Stanford Research Computing is looking for a talented system administrator to join our team of collaborative and innovative professionals helping Stanford's faculty and students use advanced computing and data tools to explore new frontiers in knowledge and solve some of humanity's most urgent problems. Our staff work directly with some of the world's top researchers in a broad range of disciplines, across all of Stanford's seven schools -- while also supporting and learning from each other in cross-project endeavors. We maintain and steadily improve an advanced research computing facility, and we support a variety of environments for Stanford research. In Stanford Research Computing, you'll have a rare opportunity to contribute to discoveries and inventions that have global reach and positive impact, and to share in the curiosity and commitment of the scholars and scientists who lead these projects.
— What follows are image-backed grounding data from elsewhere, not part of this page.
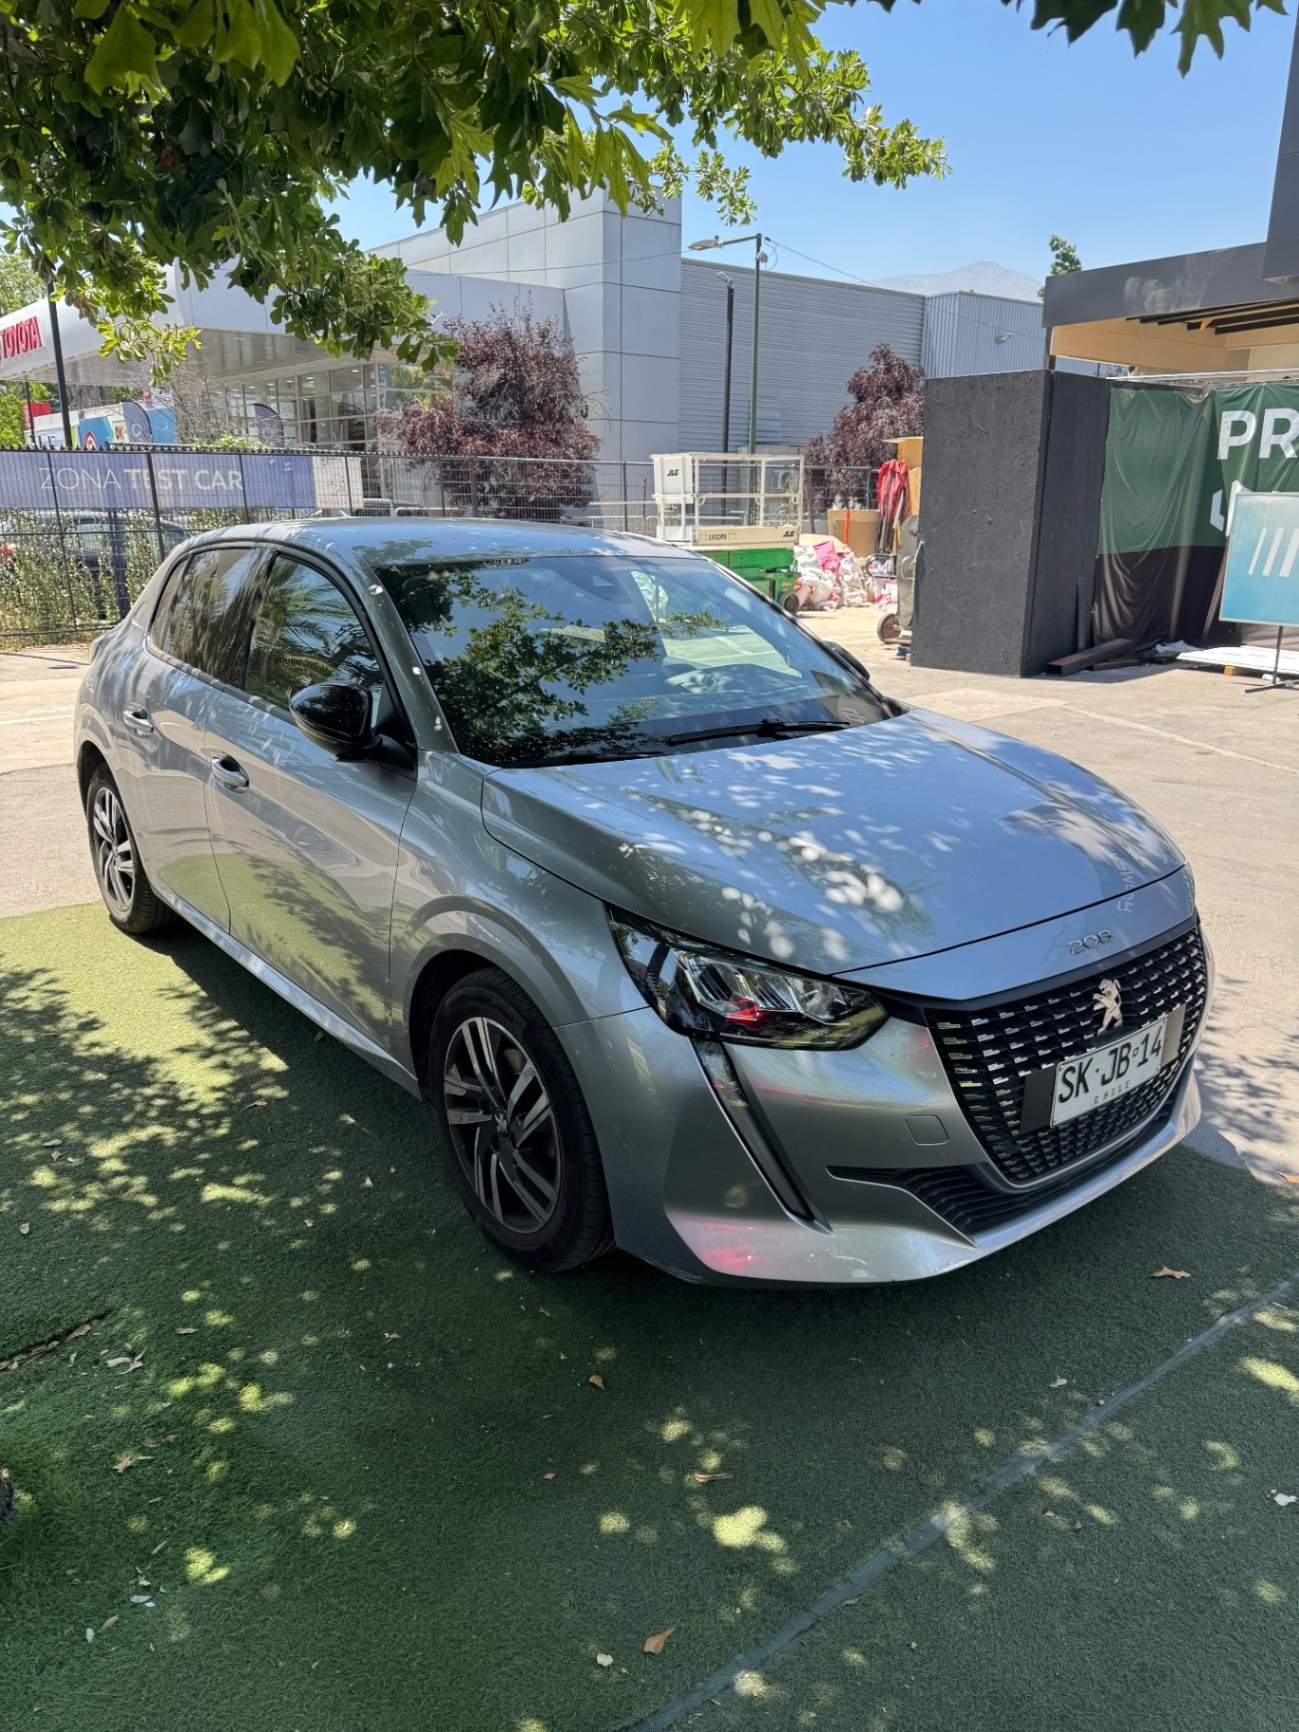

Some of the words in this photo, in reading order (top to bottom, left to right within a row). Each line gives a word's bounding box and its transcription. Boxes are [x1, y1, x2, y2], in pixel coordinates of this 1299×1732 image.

[0, 316, 42, 359] TOYOTA
[38, 467, 121, 489] ZONA
[124, 468, 184, 489] TEST
[194, 470, 244, 489] CAR
[1068, 929, 1112, 955] 208
This new position will support Stanford's world-class data science and AI-focused research by managing and administering an NVIDIA DGX SuperPod instrument. You and another HPC administrator will partner closely with a team of data scientists from Stanford Data Science to ensure that the GPU cluster environment is configured and operated to maximize research productivity. We'd love to have you join us on this exciting journey.

RESPONSIBILITIES
This role is primarily systems-facing. In this position, you will put to use your in-depth knowledge of Slurm and Linux, your HPC cluster administration experience, and your passion for supporting ground-breaking research on a daily basis. You will play a crucial role in optimizing, improving and sustaining our advanced computing infrastructure.
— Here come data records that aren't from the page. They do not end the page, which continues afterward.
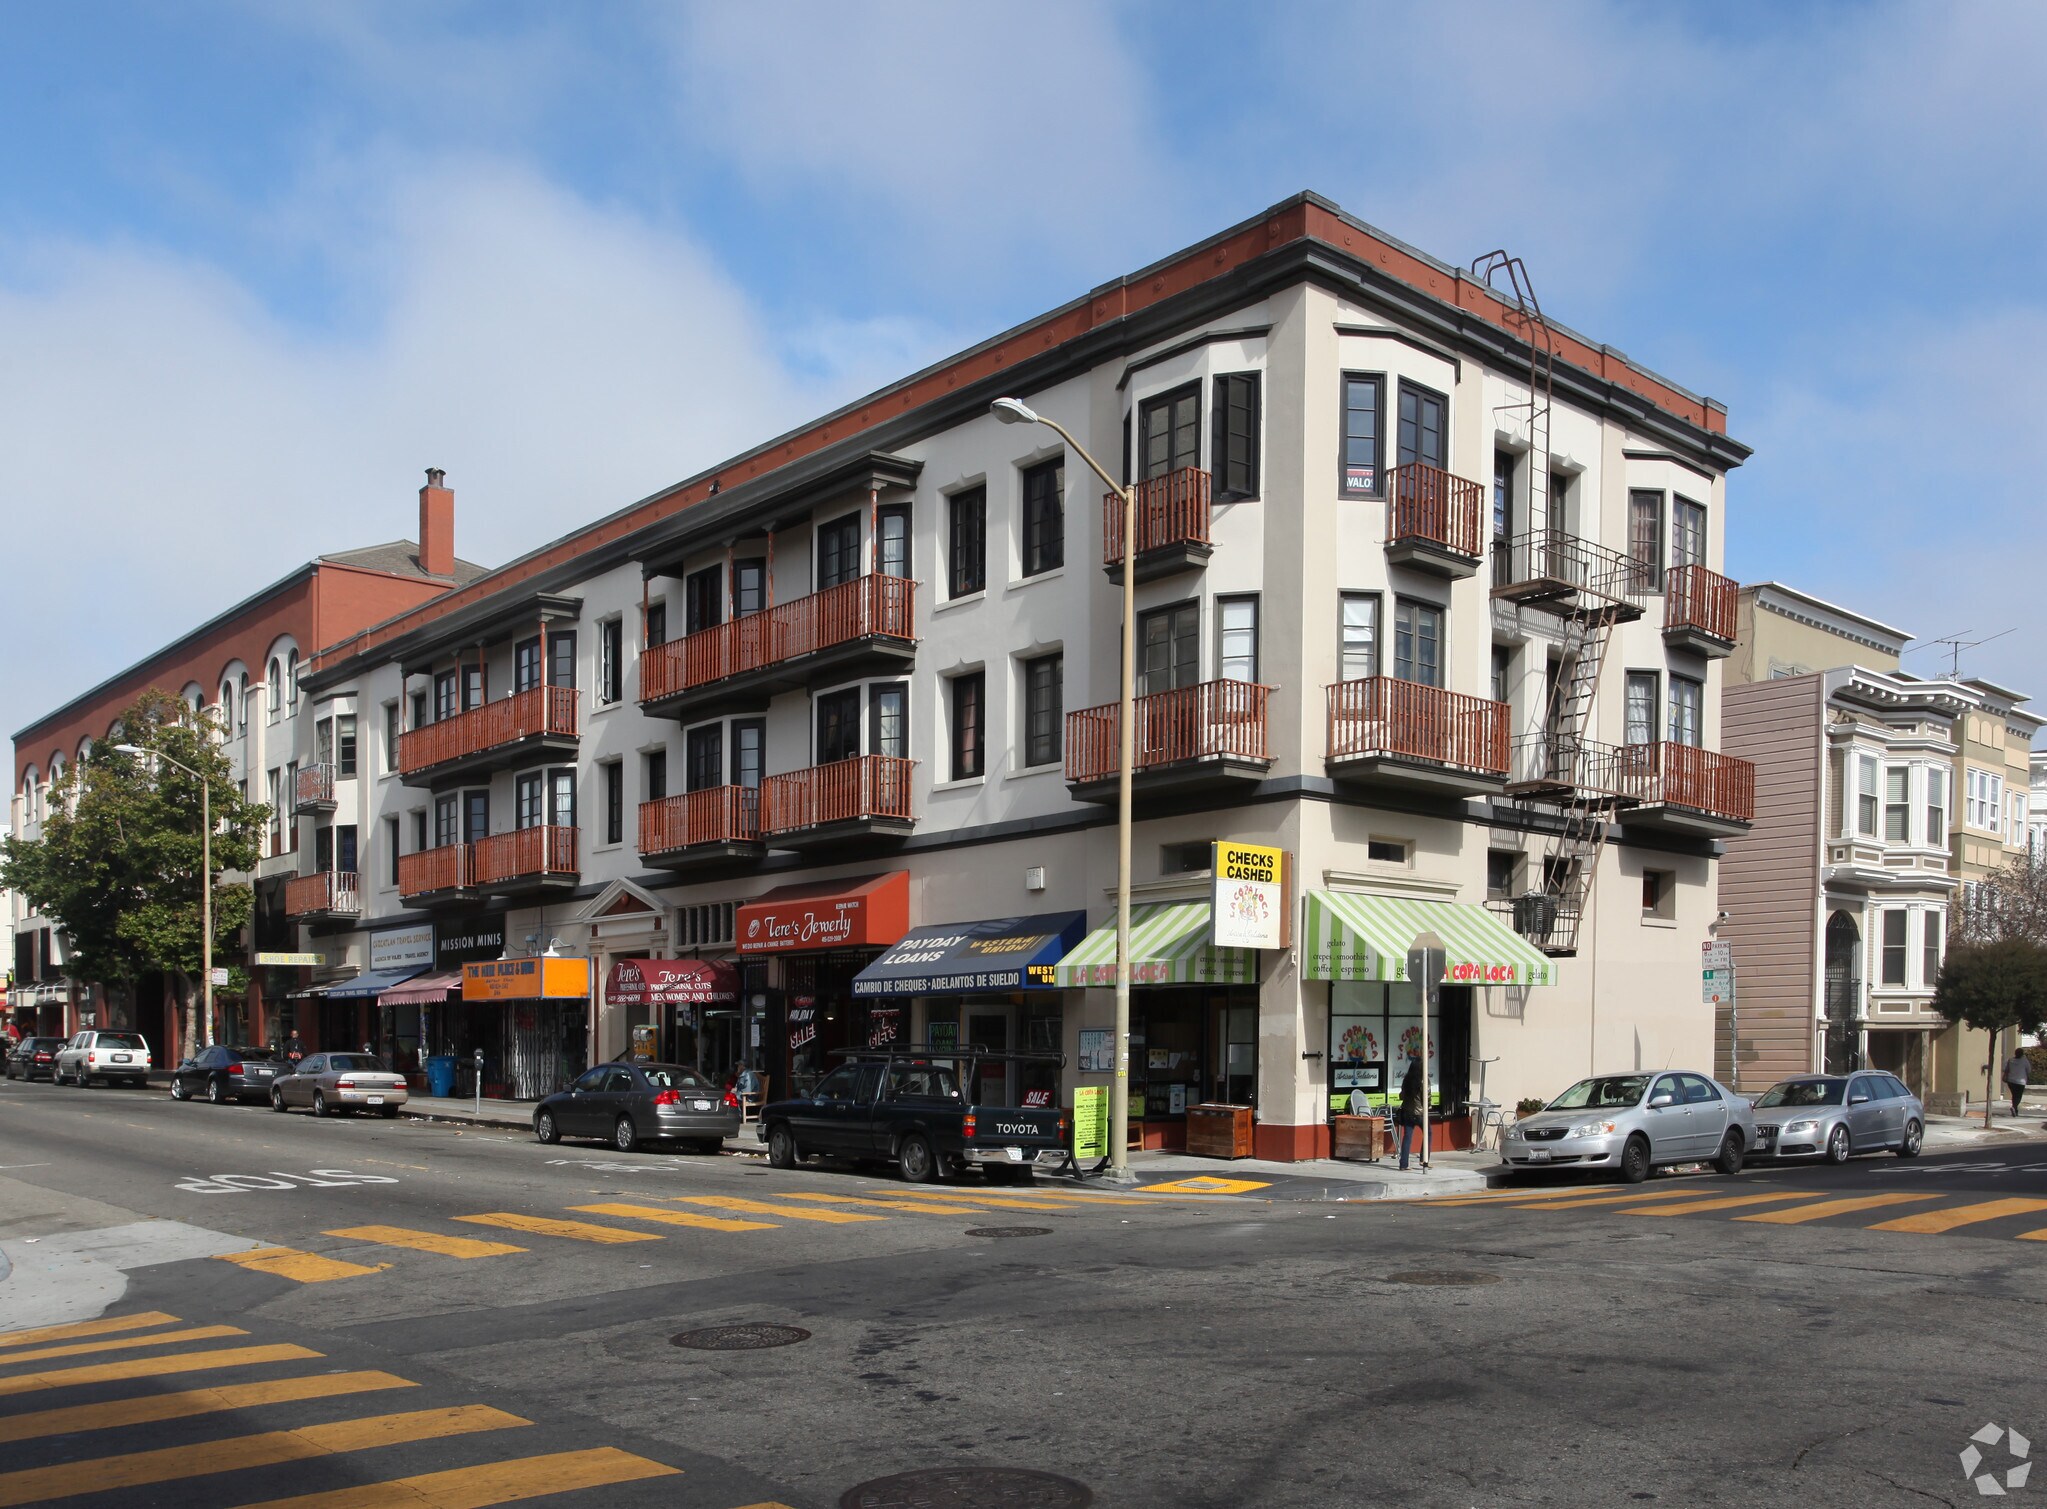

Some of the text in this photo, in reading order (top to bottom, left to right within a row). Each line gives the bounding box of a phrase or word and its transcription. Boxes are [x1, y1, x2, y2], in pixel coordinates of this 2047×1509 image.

[1227, 850, 1274, 869] CHECKS
[1226, 865, 1273, 883] CASHED
[1229, 885, 1269, 919] LA COPA LOCA
[764, 909, 852, 942] Tere's Jewerly
[396, 935, 413, 945] TRAVEL
[413, 932, 432, 943] SERVICE
[440, 933, 502, 951] MISSION MINIS
[896, 935, 968, 951] PAYDAY
[969, 935, 1035, 949] WESTERN
[1326, 938, 1346, 949] gelato
[980, 943, 1028, 955] UNION
[1702, 942, 1711, 950] NO
[263, 955, 322, 963] SHOE REPAIRS
[883, 950, 945, 965] LOANS
[1312, 952, 1369, 962] crepes smoothies
[617, 963, 640, 982] Tere's
[658, 970, 702, 982] Tere's
[1028, 966, 1055, 976] WEST
[1072, 966, 1089, 983] LA
[1092, 965, 1117, 983] COP
[1129, 962, 1169, 981] LOCA
[1312, 963, 1370, 975] coffee espresso
[1396, 963, 1409, 979] gel
[1452, 962, 1481, 980] COPA
[1484, 964, 1515, 981] LOCA
[1527, 968, 1548, 983] gelato
[650, 981, 712, 991] PROFESSIONAL CUTS
[854, 972, 1019, 994] CAMBIO DE CHEQUES ADELANTOS DE SUELDO
[666, 993, 690, 1001] WOMEN
[691, 992, 705, 1001] AND
[706, 991, 735, 1001] CHILDREN
[931, 1024, 957, 1037] PAYDAY
[1338, 1025, 1379, 1061] LA COPA LOCA
[1026, 1091, 1050, 1105] SALE
[996, 1123, 1039, 1135] TOYOTA
[174, 1169, 400, 1194] STOP
HPC Infrastructure Maintenance: Help manage the day-to-day system administration of an NVIDIA DGX Superpod and associated storage, management and networking infrastructure, in alignment with applicable university, regulatory agency, and/or contractual security and privacy requirements and instrument governance group decisions.
Slurm: With peer administrator, configure and manage Slurm for efficient resource allocation and job scheduling across the cluster, consistent with faculty guidance on system resource usage and utilization.
GPU Resource Management: Manage GPU resources within the cluster, optimizing utilization for compute-intensive tasks while maintaining a balance between user requirements and system stability. Provide automated, easily accessible resource utilization metrics.
User Support: Collaborate with Stanford Data Science team members and system users to understand their computing needs, provide technical assistance, and troubleshoot issues related to system performance and job execution. Provide user consultation and training in system use as needed.
Performance monitoring: Monitor system performance, diagnose bottlenecks, and take necessary actions to improve system performance.
Documentation: Maintain detailed documentation of system configurations, procedures, and troubleshooting guides to facilitate knowledge sharing and team collaboration. Develop user-facing documentation in coordination with colleagues from Stanford Data Science.
Planning: Meet regularly with stakeholders to understand existing challenges, anticipated needs, and opportunities for closer collaboration.
Vendor engagement: Liaise with system vendors and other external partners as needed to ensure system issues are triaged and resolved expeditiously and correctly.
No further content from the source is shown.